Figure 4.

Sequence requirement for TDMD triggers. Schematic of the WT BCL2L11 trigger (A) and TRIM9 trigger (C) constructs with a mutated miR-221/222 or miR-218 site. The miR-221/222 site in BCL2L11 or the miR-218 site in TRIM9 was mutated to either disrupt or expand pairing to the corresponding miRNA or introduce an extensively complementary site to miR-16. The importance of the complementary site for the BCL2L11 trigger (B) or TRIM9 trigger (D) function. Representative Northern blot measuring miR-221, miR-222, miR-218, miR-16, miR-92a, and let-7a levels in HEK293T cells transfected with the constructs described in A and C. The normalized miRNA abundance and standard deviation are shown below each miRNA band. miRNA abundance in B and D was normalized to miR-92a and let-7a, respectively.
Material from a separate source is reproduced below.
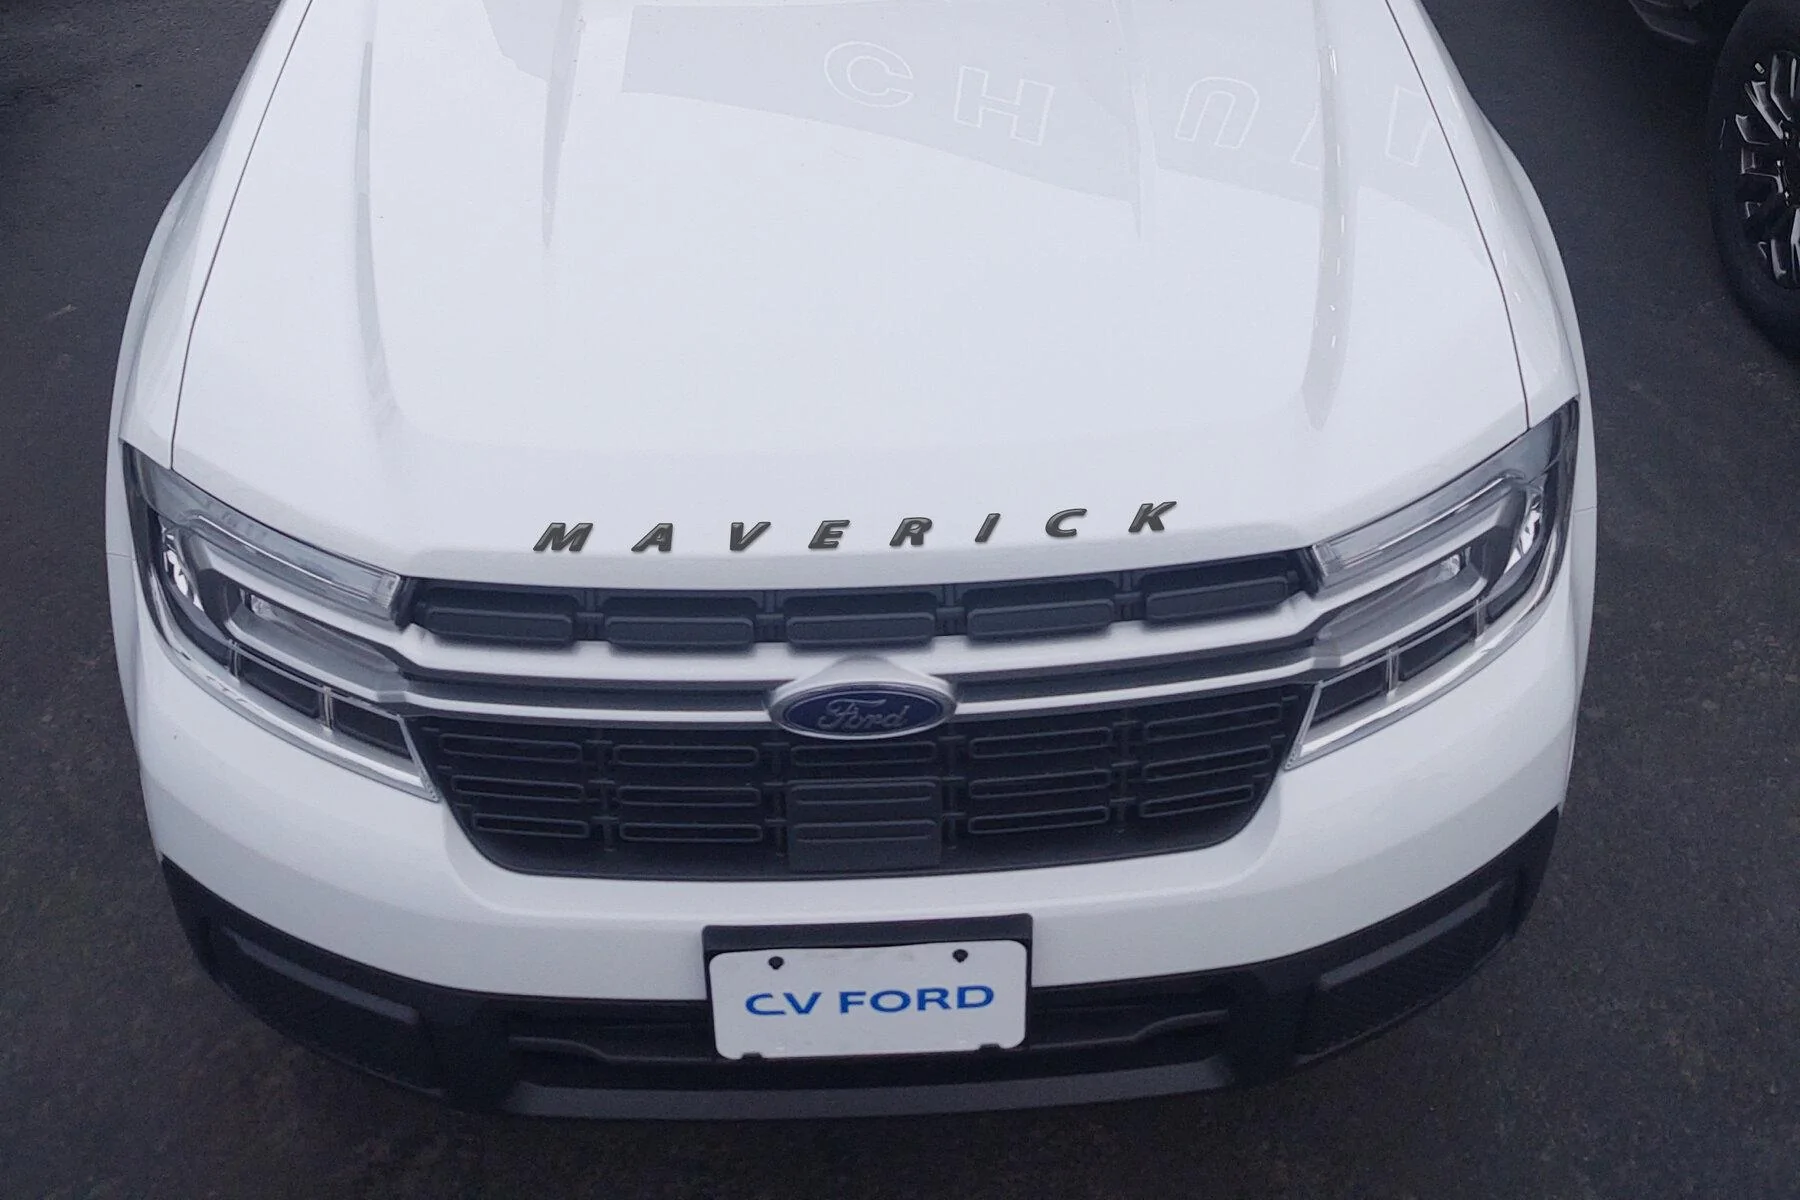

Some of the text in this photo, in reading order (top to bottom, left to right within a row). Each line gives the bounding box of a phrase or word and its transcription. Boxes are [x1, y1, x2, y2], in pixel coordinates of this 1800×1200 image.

The miRNA abundance in control samples was normalized to 1. n = 3 biological replicates. (E) Schematic of long and short TDMD trigger constructs. The long TDMD trigger includes the trigger sequence as well as the conserved flanking regions, while the short TDMD trigger contains only the TDMD trigger sequence. (F) The importance of the TDMD-flanking region on miRNA degradation. Representative Northern blot measuring miR-7, miR-218, miR-221, miR-222, and miR-16 levels in HEK293T cells transfected with either the long or short TDMD constructs described in E. The normalized miRNA abundance and standard deviation are shown below each miRNA band. miRNA abundance was normalized to miR-16. n = 3 biological replicates.